### [SUPPLIED MATERIAL]

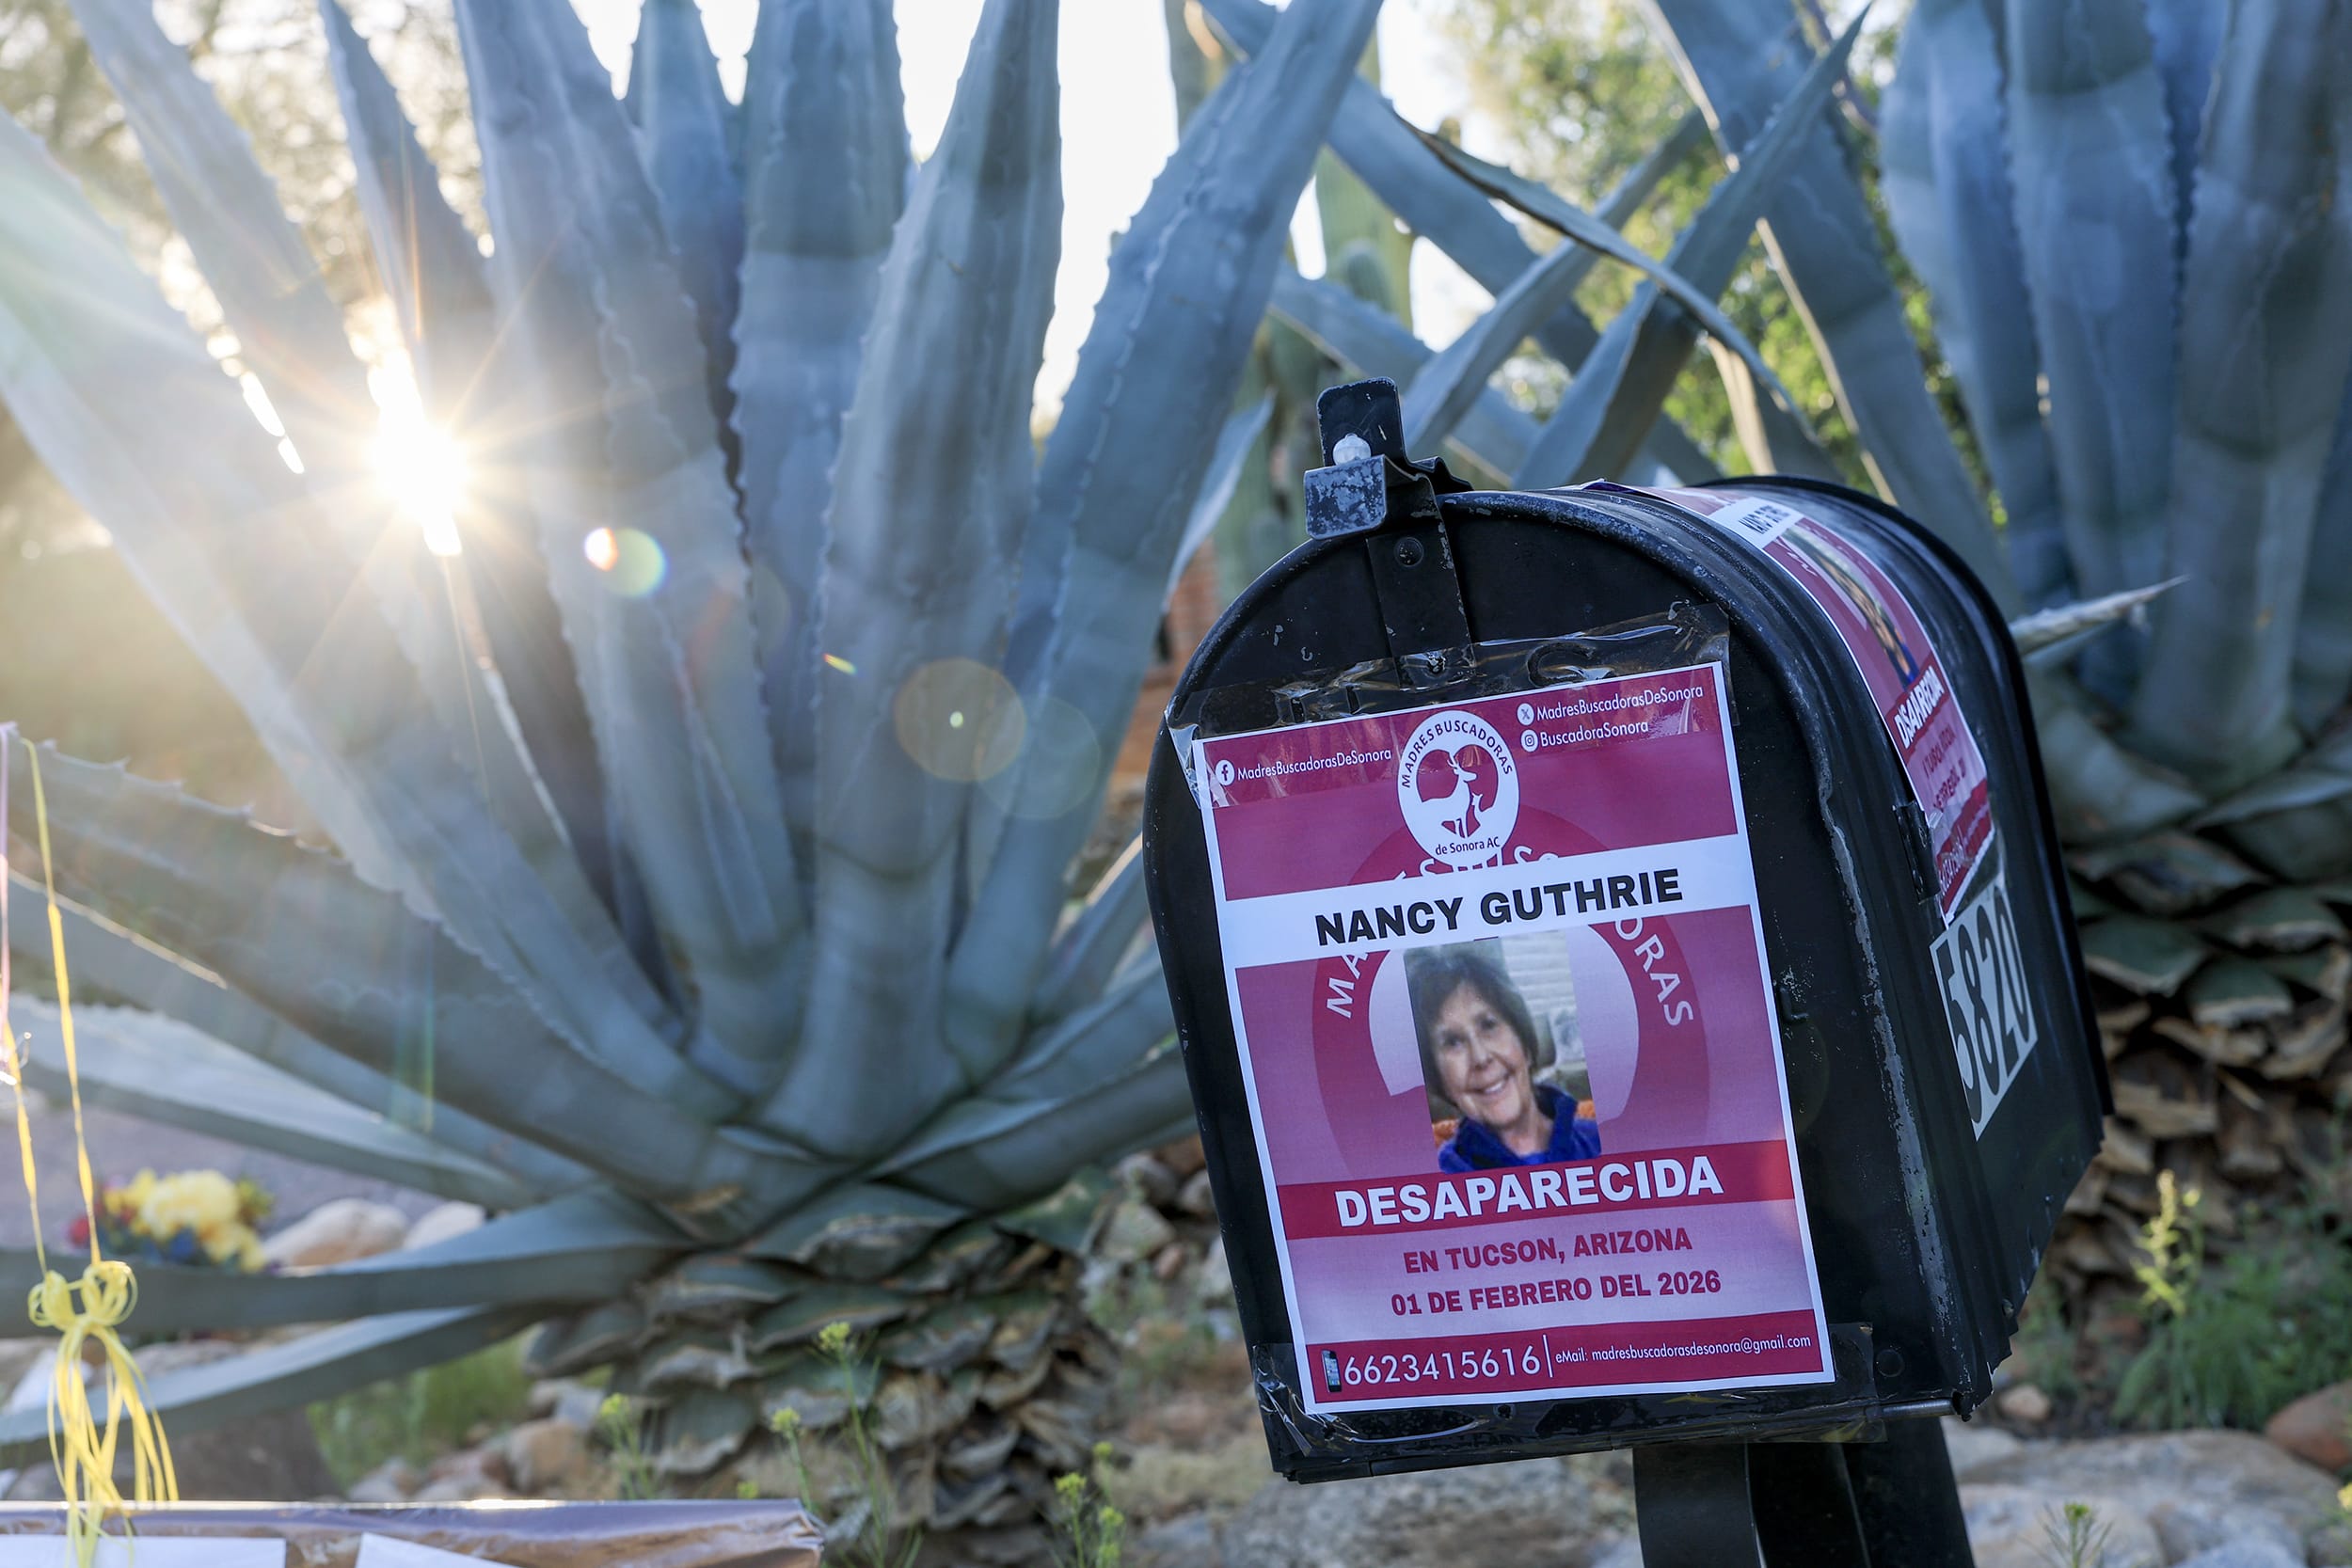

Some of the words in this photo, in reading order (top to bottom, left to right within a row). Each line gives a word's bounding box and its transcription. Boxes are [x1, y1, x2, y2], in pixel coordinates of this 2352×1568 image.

[1536, 686, 1703, 721] MadresBuscadorasDeSonora
[1540, 721, 1648, 748] BuscadoraSonora
[1237, 749, 1391, 781] MadresBuscadorasDeSonora
[1435, 843, 1448, 856] de
[1450, 840, 1485, 854] Sonora
[1486, 836, 1501, 847] AC
[1314, 896, 1464, 946] NANCY
[1479, 868, 1683, 926] GUTHRIE
[1935, 885, 2030, 1124] 5820
[1334, 1155, 1724, 1227] DESAPARECIDA
[1403, 1250, 1439, 1275] EN
[1445, 1237, 1565, 1270] TUCSON,
[1572, 1227, 1693, 1258] ARIZONA
[1391, 1292, 1422, 1317] 01
[1427, 1290, 1463, 1313] DE
[1470, 1277, 1593, 1311] FEBRERO
[1601, 1274, 1652, 1300] DEL
[1658, 1270, 1722, 1296] 2026
[1343, 1345, 1541, 1386] 6623415616
[1555, 1347, 1588, 1364] eMail:
[1592, 1334, 1812, 1361] madresbuscadorasdesonora@gmail.com
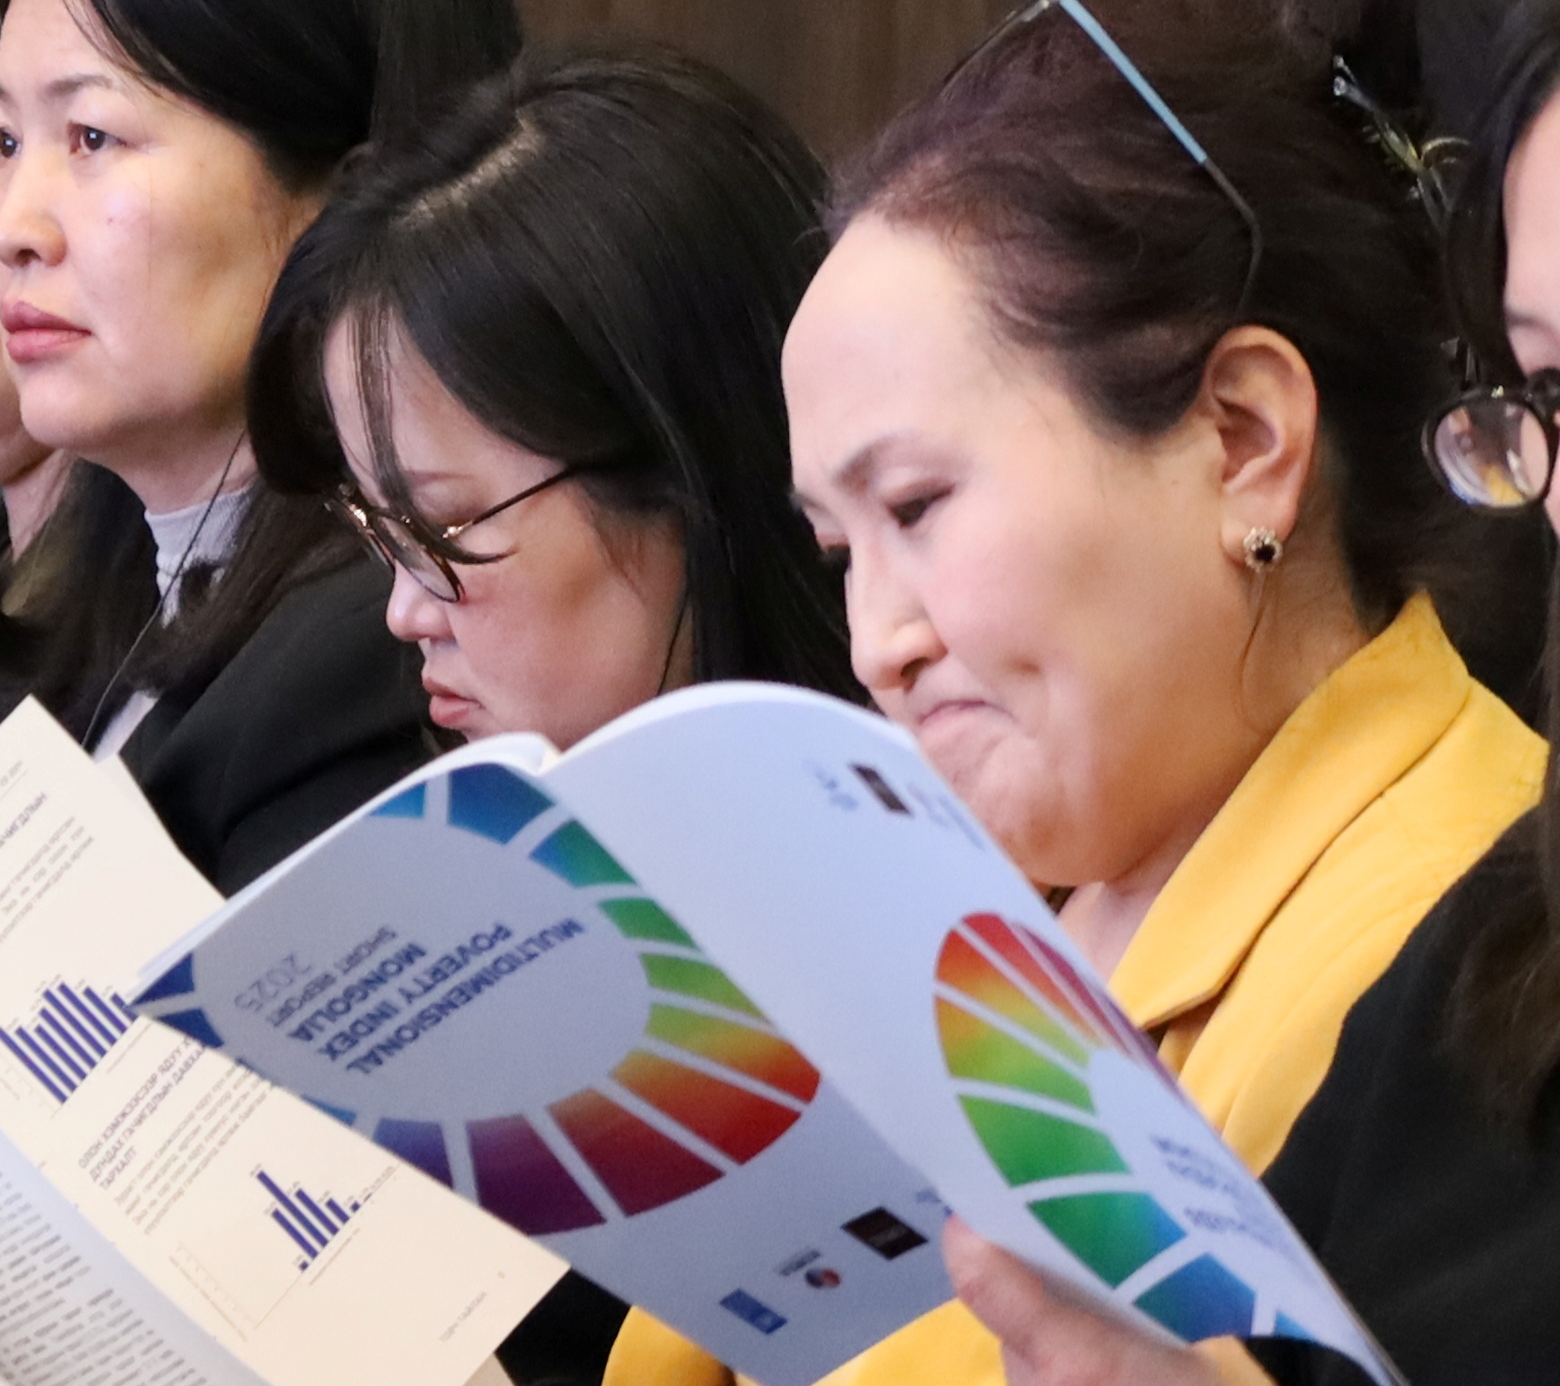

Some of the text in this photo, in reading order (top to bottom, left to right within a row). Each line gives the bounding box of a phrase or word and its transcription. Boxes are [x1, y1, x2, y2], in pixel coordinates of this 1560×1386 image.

### [AIM OF THE TASK]
In repeating the entries, exclude the pictures and alter nothing else.

### [TASK ANSWER]
Some of the words in this photo, in reading order (top to bottom, left to right within a row). Each line gives a word's bounding box and its transcription. Boxes are [x1, y1, x2, y2], in pixel coordinates of this 2352×1568 image.

[1536, 686, 1703, 721] MadresBuscadorasDeSonora
[1540, 721, 1648, 748] BuscadoraSonora
[1237, 749, 1391, 781] MadresBuscadorasDeSonora
[1435, 843, 1448, 856] de
[1450, 840, 1485, 854] Sonora
[1486, 836, 1501, 847] AC
[1314, 896, 1464, 946] NANCY
[1479, 868, 1683, 926] GUTHRIE
[1935, 885, 2030, 1124] 5820
[1334, 1155, 1724, 1227] DESAPARECIDA
[1403, 1250, 1439, 1275] EN
[1445, 1237, 1565, 1270] TUCSON,
[1572, 1227, 1693, 1258] ARIZONA
[1391, 1292, 1422, 1317] 01
[1427, 1290, 1463, 1313] DE
[1470, 1277, 1593, 1311] FEBRERO
[1601, 1274, 1652, 1300] DEL
[1658, 1270, 1722, 1296] 2026
[1343, 1345, 1541, 1386] 6623415616
[1555, 1347, 1588, 1364] eMail:
[1592, 1334, 1812, 1361] madresbuscadorasdesonora@gmail.com

Some of the text in this photo, in reading order (top to bottom, left to right within a row). Each line gives the bounding box of a phrase or word and its transcription. Boxes are [x1, y1, x2, y2], in pixel coordinates of this 1560×1386 image.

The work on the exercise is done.